### Assigned task
Nothing but the records themselves, exactly as written and free of pictures, should appear in your response.
#### Record set ####
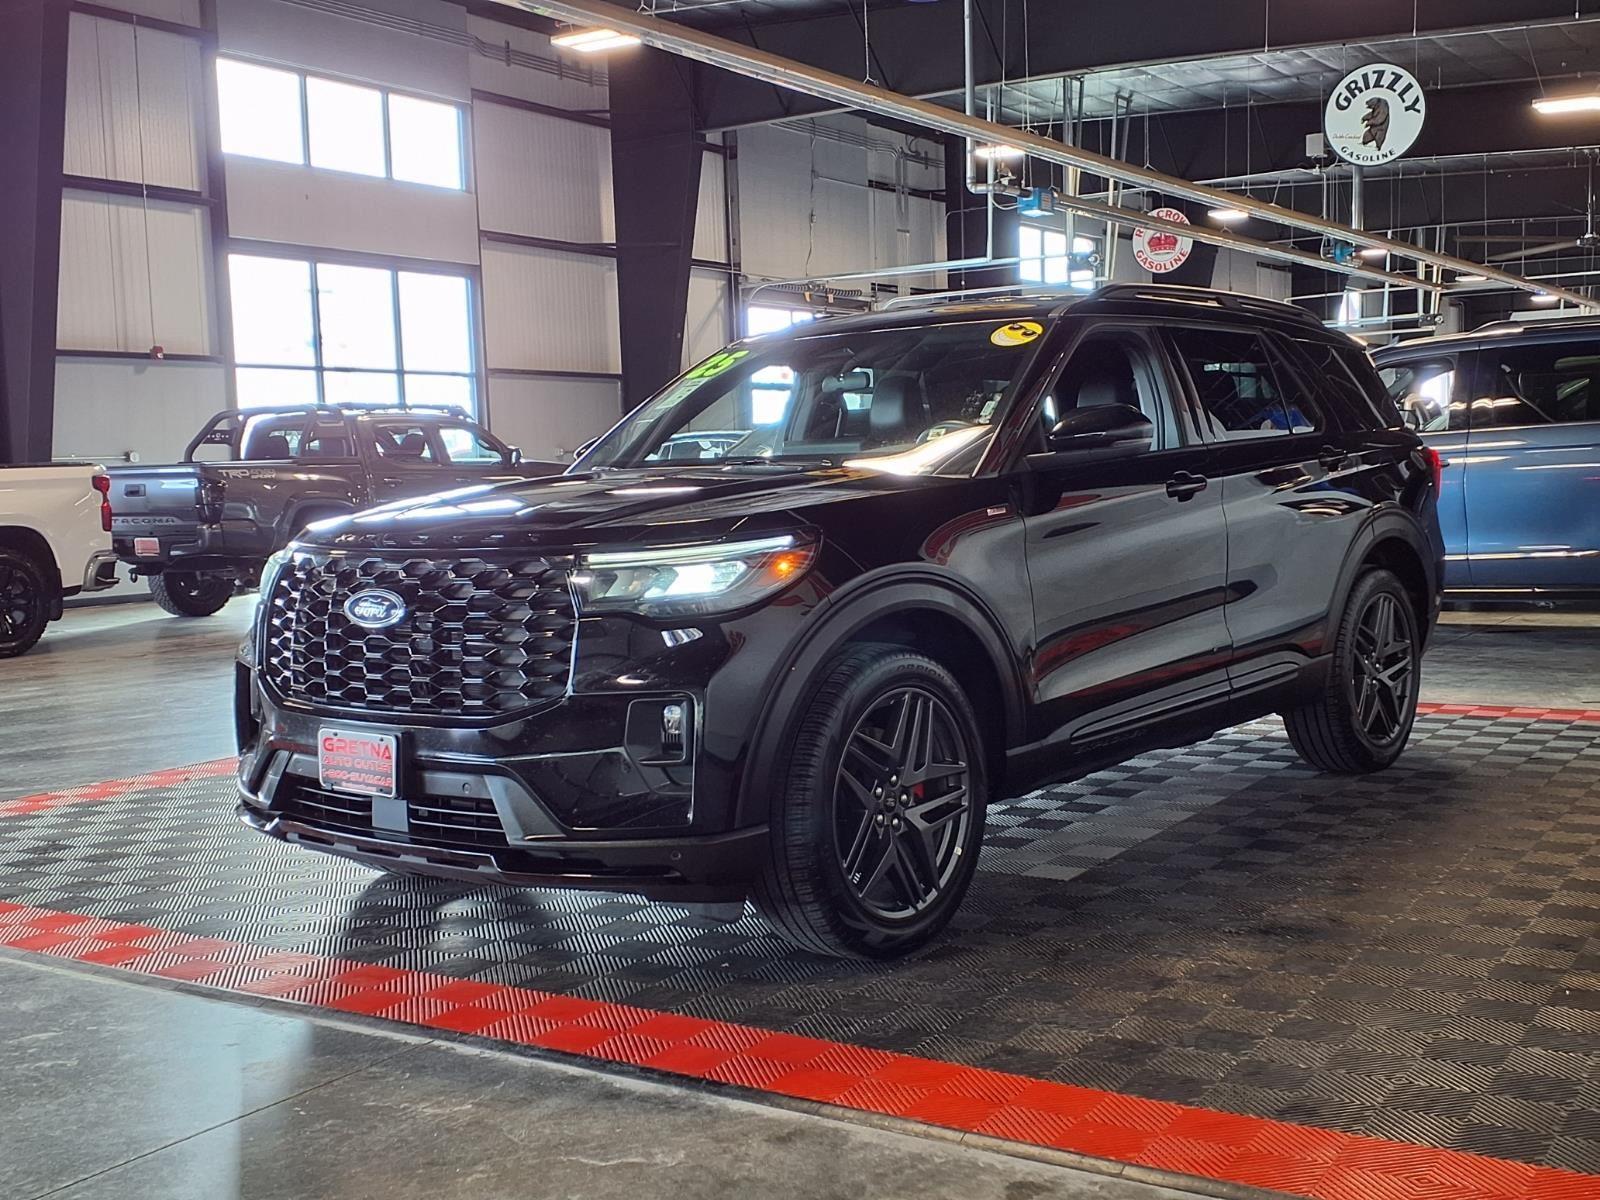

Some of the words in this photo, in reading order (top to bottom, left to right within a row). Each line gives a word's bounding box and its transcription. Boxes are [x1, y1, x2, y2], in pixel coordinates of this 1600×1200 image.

[1335, 69, 1421, 114] GRIZZLY
[1340, 145, 1396, 162] GASOLINE
[1156, 208, 1188, 223] CRO
[1136, 247, 1188, 271] GASOLINE
[111, 517, 175, 526] TACOMA
[322, 737, 392, 760] GRETNA
[322, 754, 353, 768] AUTO
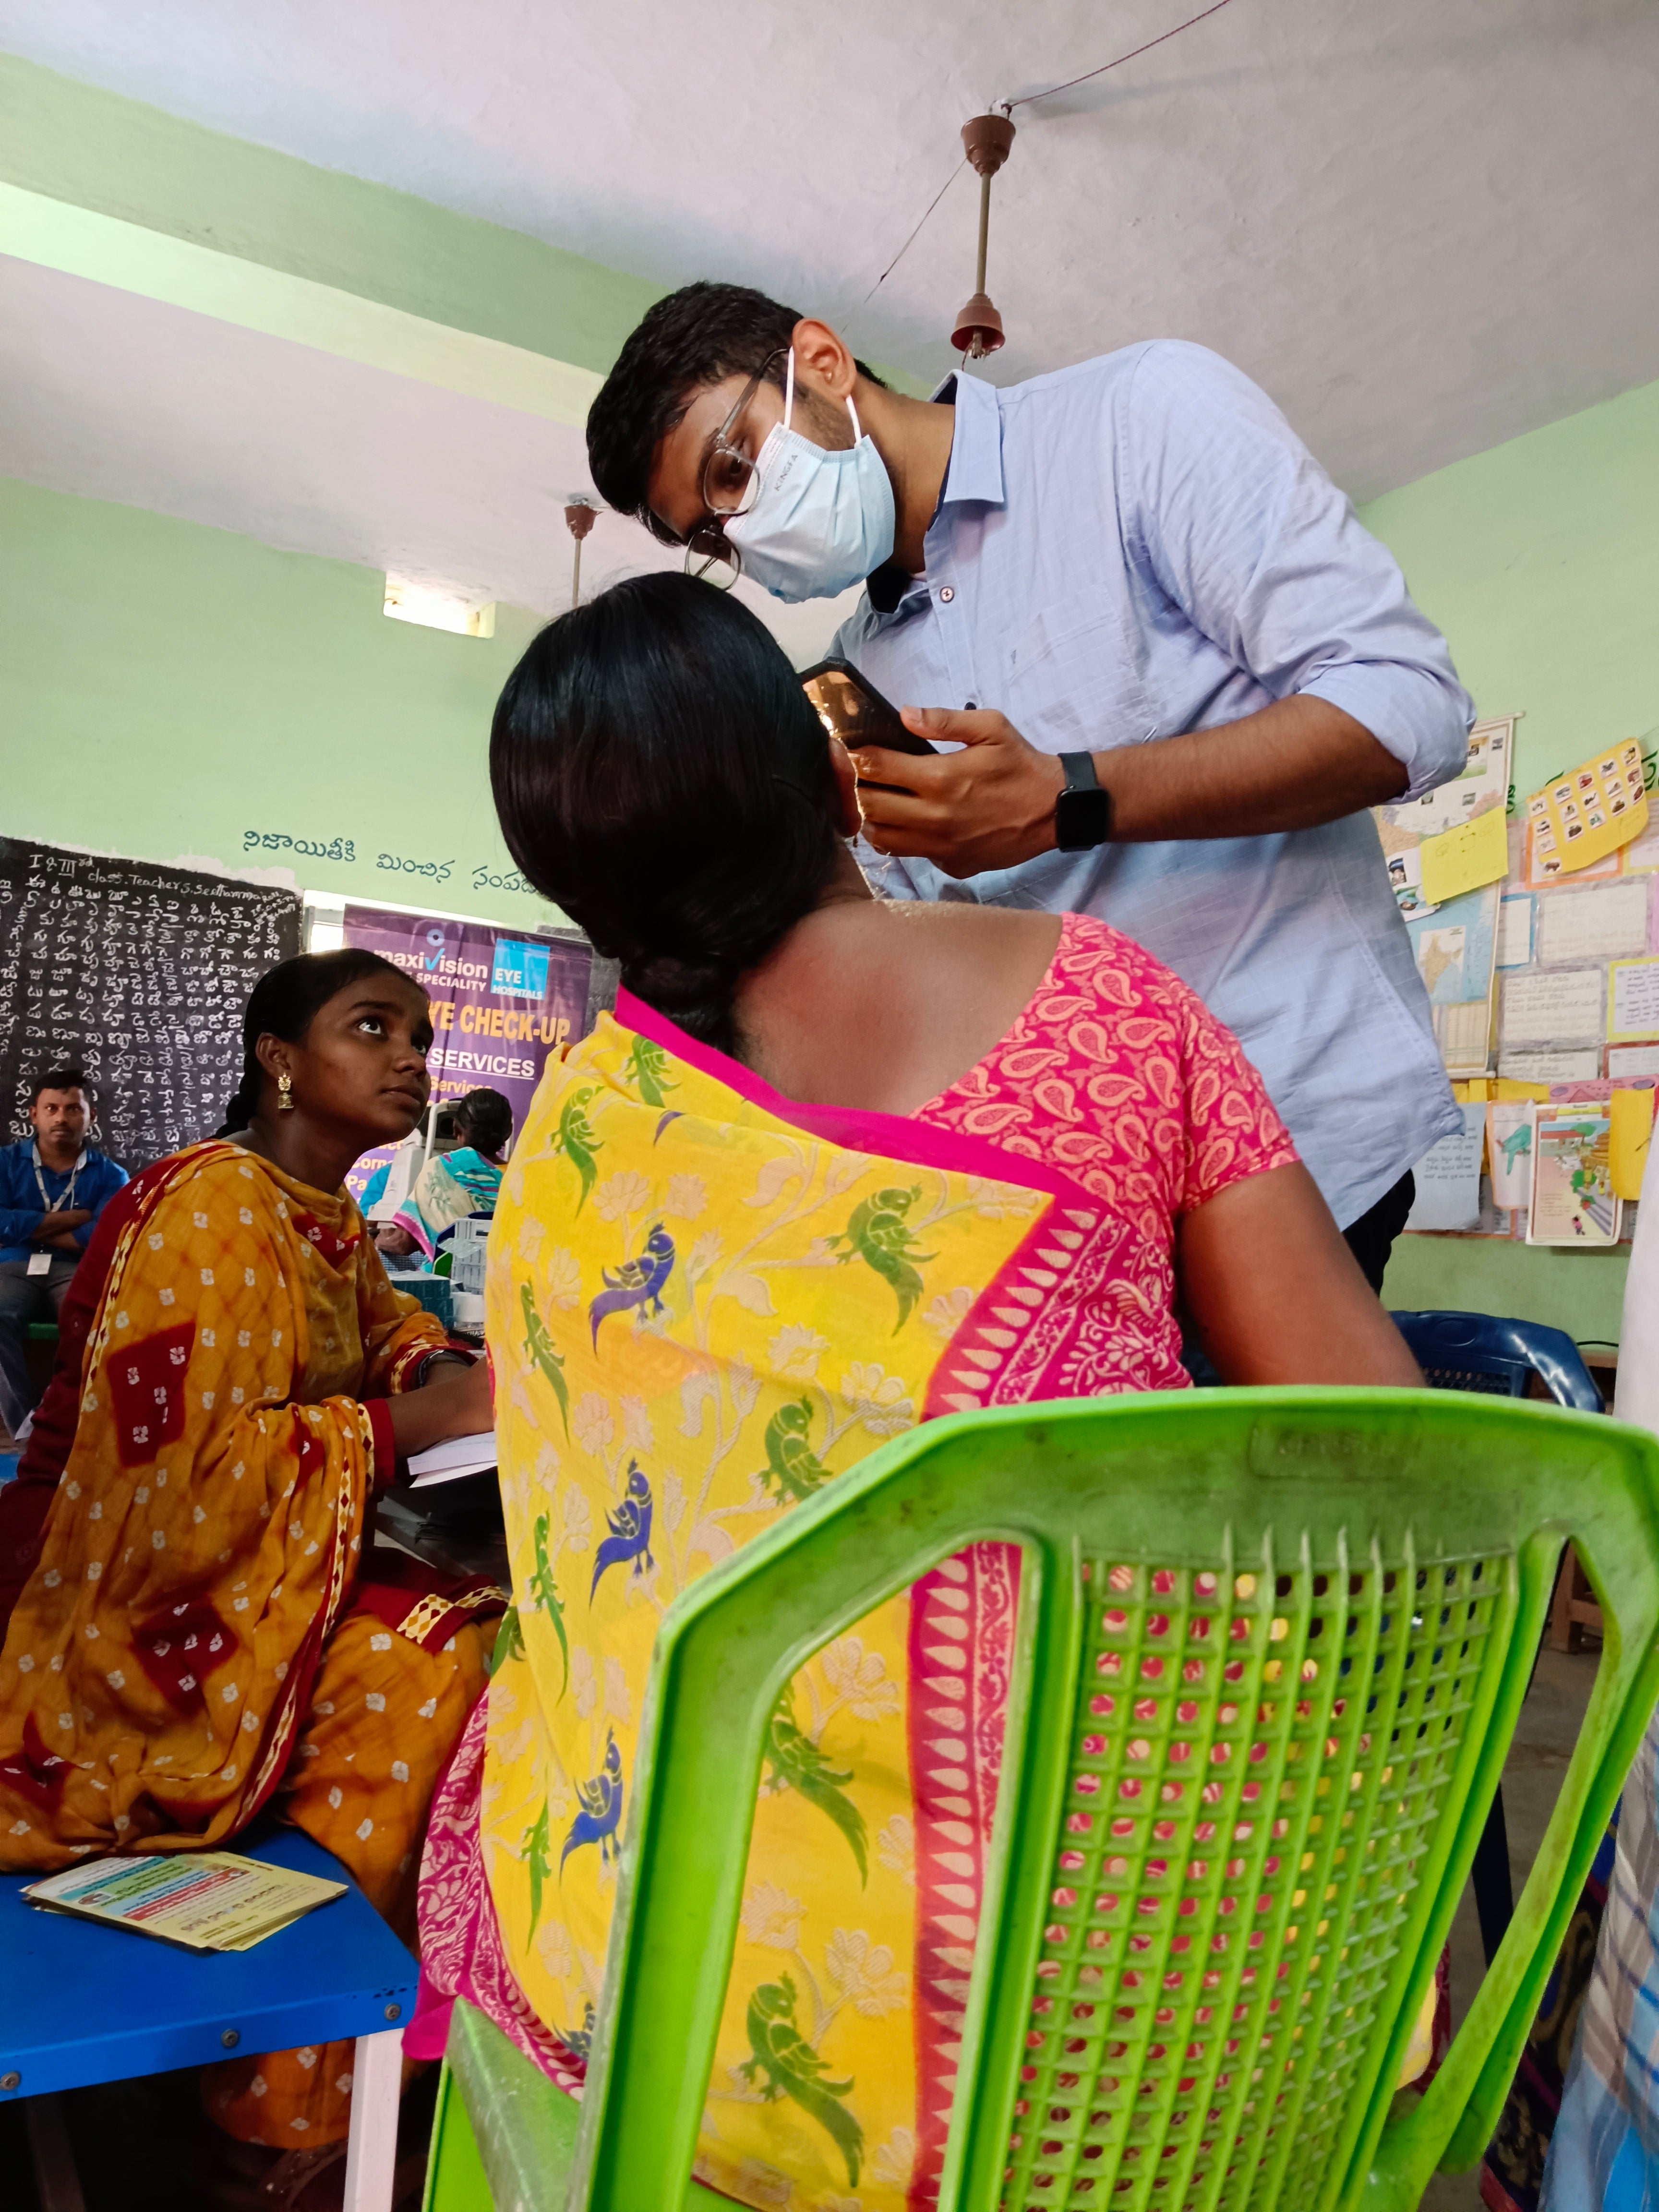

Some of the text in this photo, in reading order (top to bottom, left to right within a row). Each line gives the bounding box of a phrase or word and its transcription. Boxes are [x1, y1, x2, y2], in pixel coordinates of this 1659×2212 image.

[774, 454, 798, 491] KINGFA
[244, 830, 356, 862] నిజాయితీకి
[376, 854, 455, 883] మించిన
[416, 973, 486, 992] SPECIALITY
[495, 968, 522, 984] EYE
[493, 985, 543, 1000] HOSPITALS
[428, 1000, 570, 1046] YE CHECK-UP
[430, 1048, 535, 1077] SERVICES
[431, 1075, 492, 1094] Servic
####
### Exercise response
Some of the words in this photo, in reading order (top to bottom, left to right within a row). Each line gives a word's bounding box and its transcription. Boxes are [x1, y1, x2, y2], in pixel coordinates of this 1600×1200 image.

[1335, 69, 1421, 114] GRIZZLY
[1340, 145, 1396, 162] GASOLINE
[1156, 208, 1188, 223] CRO
[1136, 247, 1188, 271] GASOLINE
[111, 517, 175, 526] TACOMA
[322, 737, 392, 760] GRETNA
[322, 754, 353, 768] AUTO

Some of the text in this photo, in reading order (top to bottom, left to right within a row). Each line gives the bounding box of a phrase or word and its transcription. Boxes are [x1, y1, x2, y2], in pixel coordinates of this 1659×2212 image.

[774, 454, 798, 491] KINGFA
[244, 830, 356, 862] నిజాయితీకి
[376, 854, 455, 883] మించిన
[416, 973, 486, 992] SPECIALITY
[495, 968, 522, 984] EYE
[493, 985, 543, 1000] HOSPITALS
[428, 1000, 570, 1046] YE CHECK-UP
[430, 1048, 535, 1077] SERVICES
[431, 1075, 492, 1094] Servic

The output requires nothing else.